Below are entries to reproduce exactly, apart from their pictures.
── Material provided ──
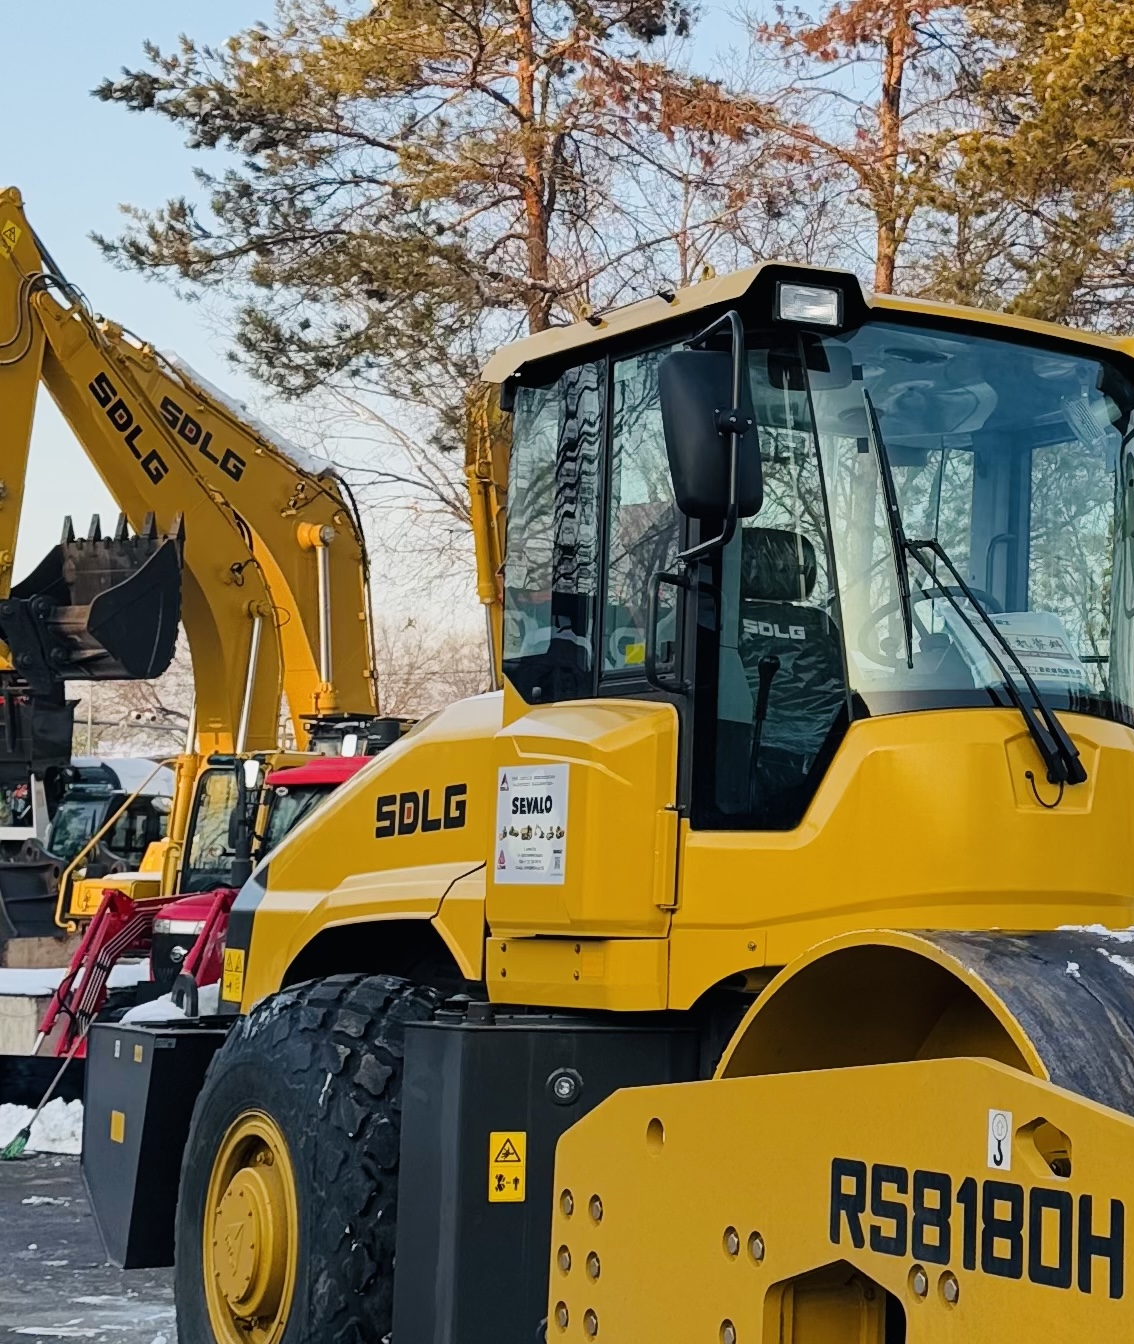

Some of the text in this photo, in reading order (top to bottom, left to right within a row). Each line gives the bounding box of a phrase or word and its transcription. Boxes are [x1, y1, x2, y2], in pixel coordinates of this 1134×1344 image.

[88, 371, 170, 485] SDLG
[159, 395, 247, 482] SDLG
[743, 618, 806, 640] SDLG
[375, 783, 467, 839] SDLG
[511, 795, 553, 815] SEVALO
[829, 1157, 1125, 1300] RS8180H
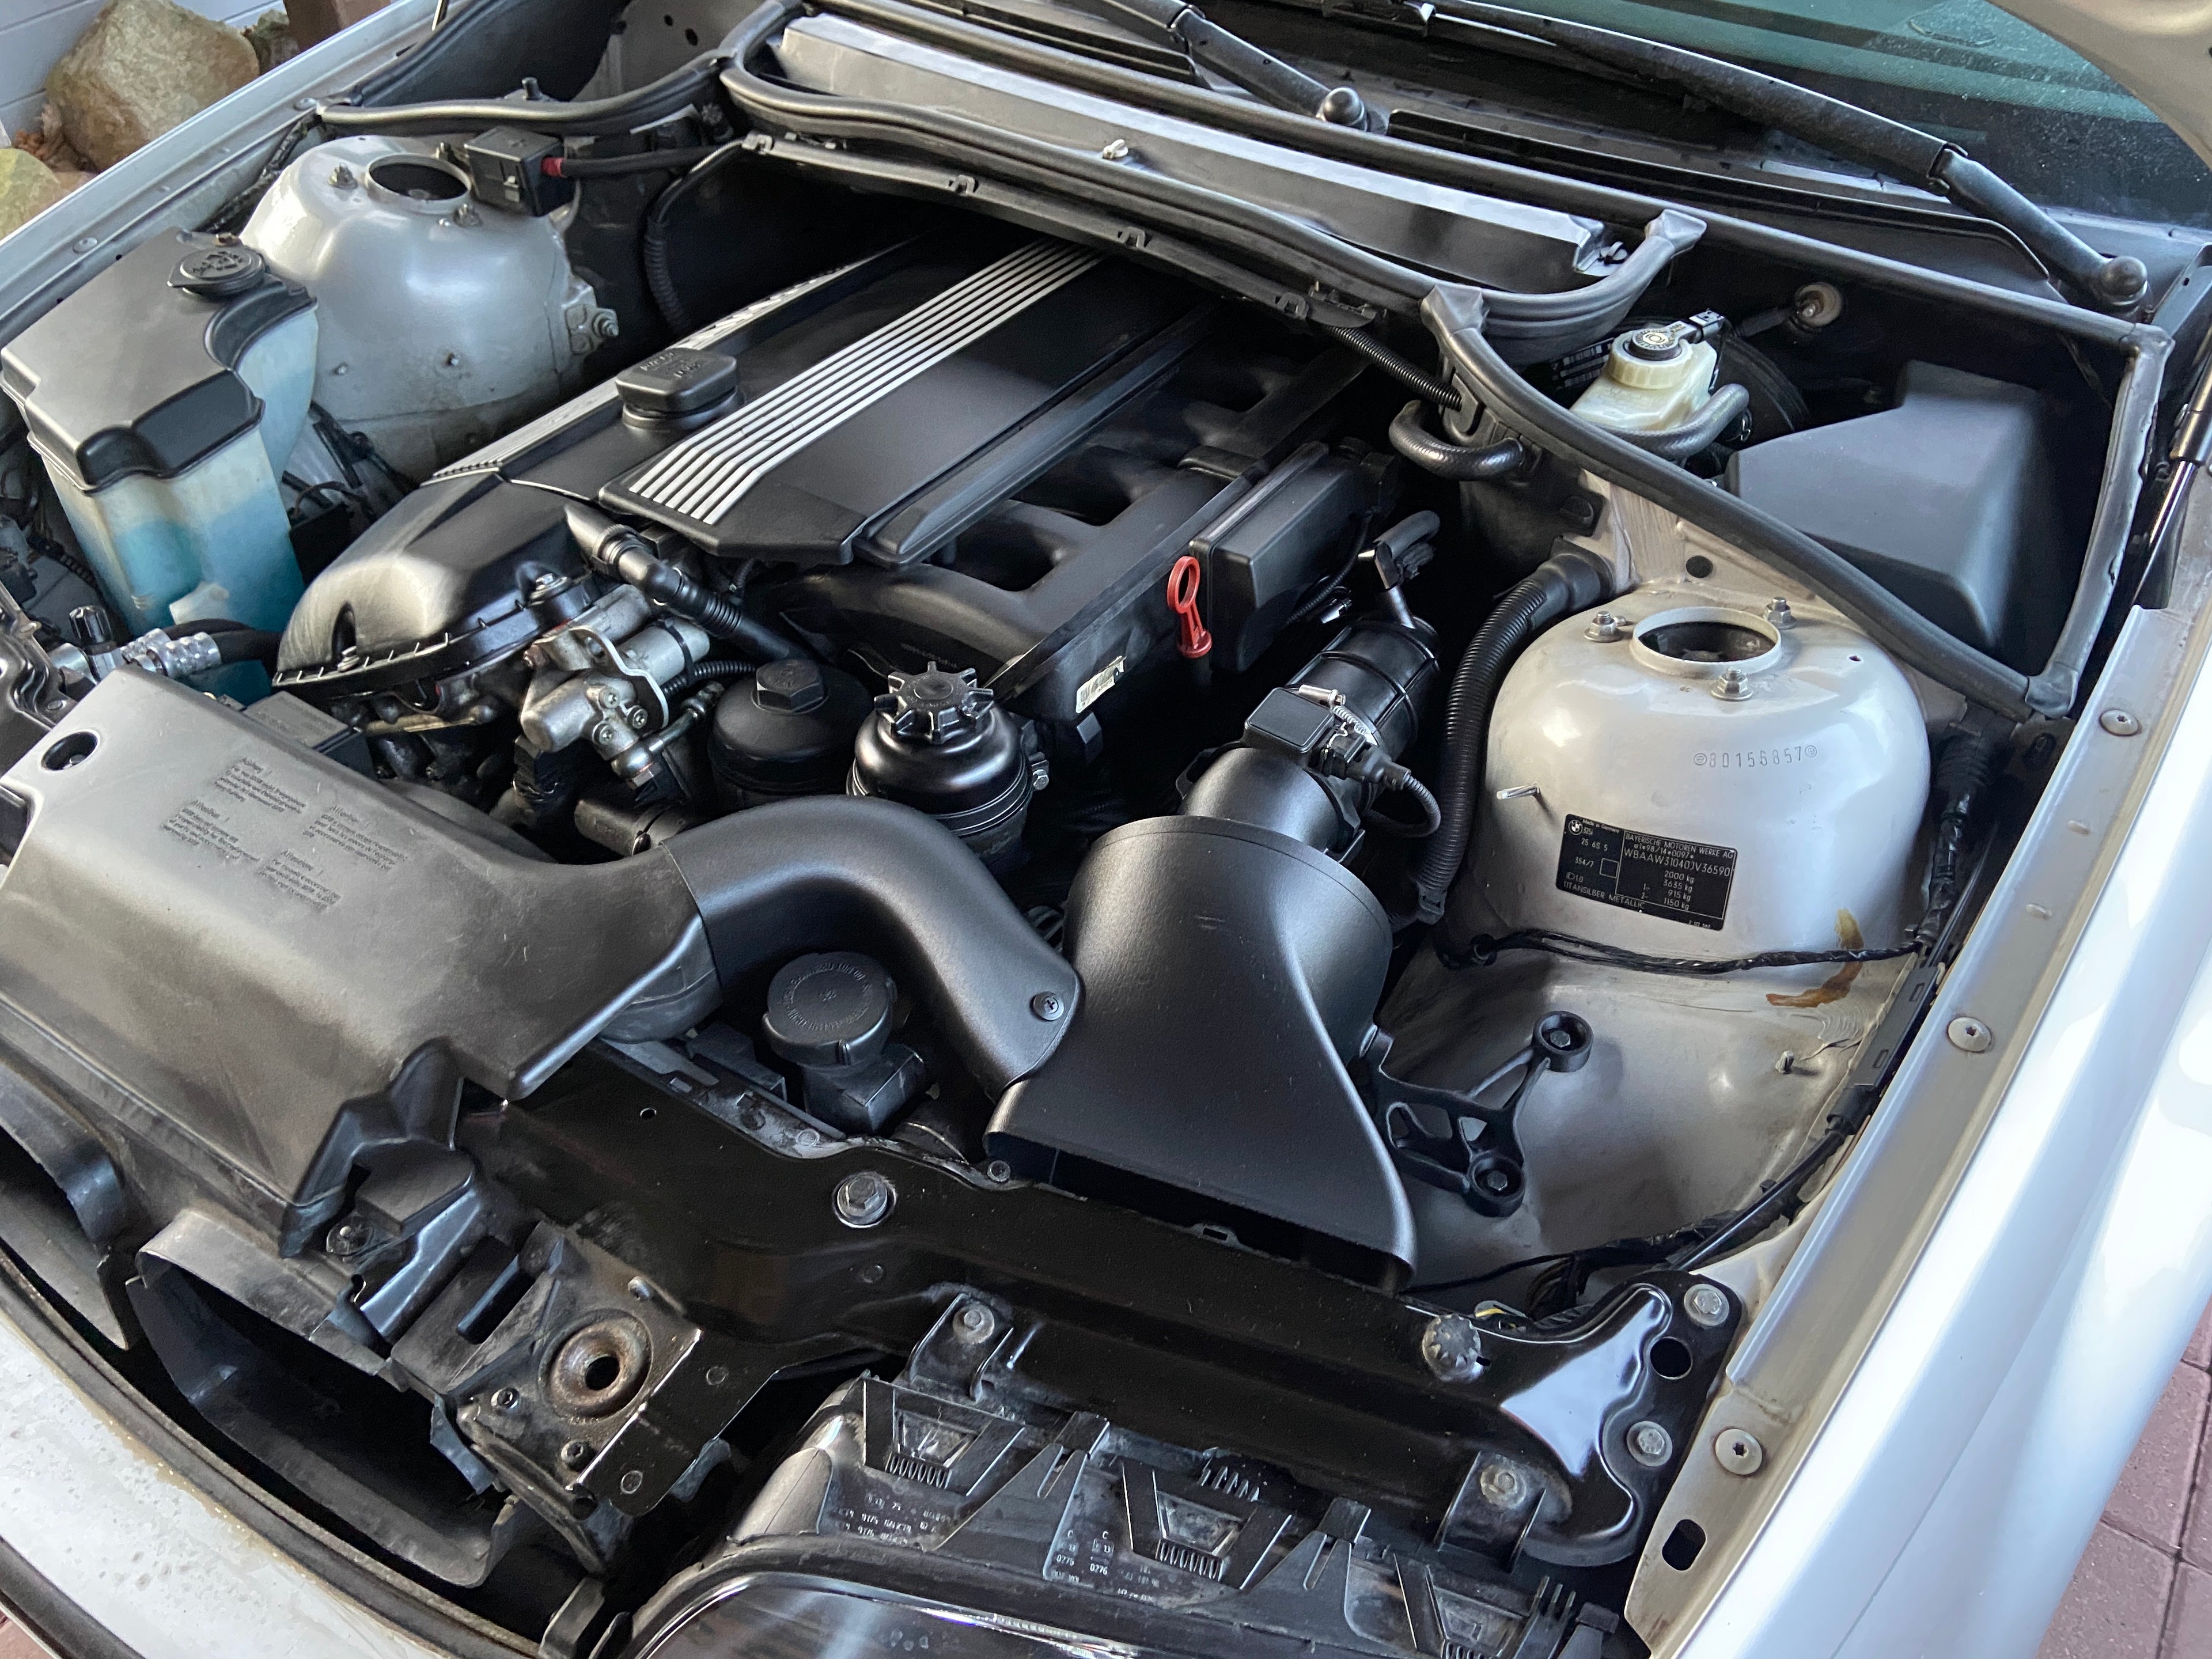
───
# Completed exercise
Some of the text in this photo, in reading order (top to bottom, left to right within a row). Each line gives the bounding box of a phrase or word and its transcription. Boxes are [x1, y1, x2, y2], in pixel coordinates of this 1134×1344 image.

[88, 371, 170, 485] SDLG
[159, 395, 247, 482] SDLG
[743, 618, 806, 640] SDLG
[375, 783, 467, 839] SDLG
[511, 795, 553, 815] SEVALO
[829, 1157, 1125, 1300] RS8180H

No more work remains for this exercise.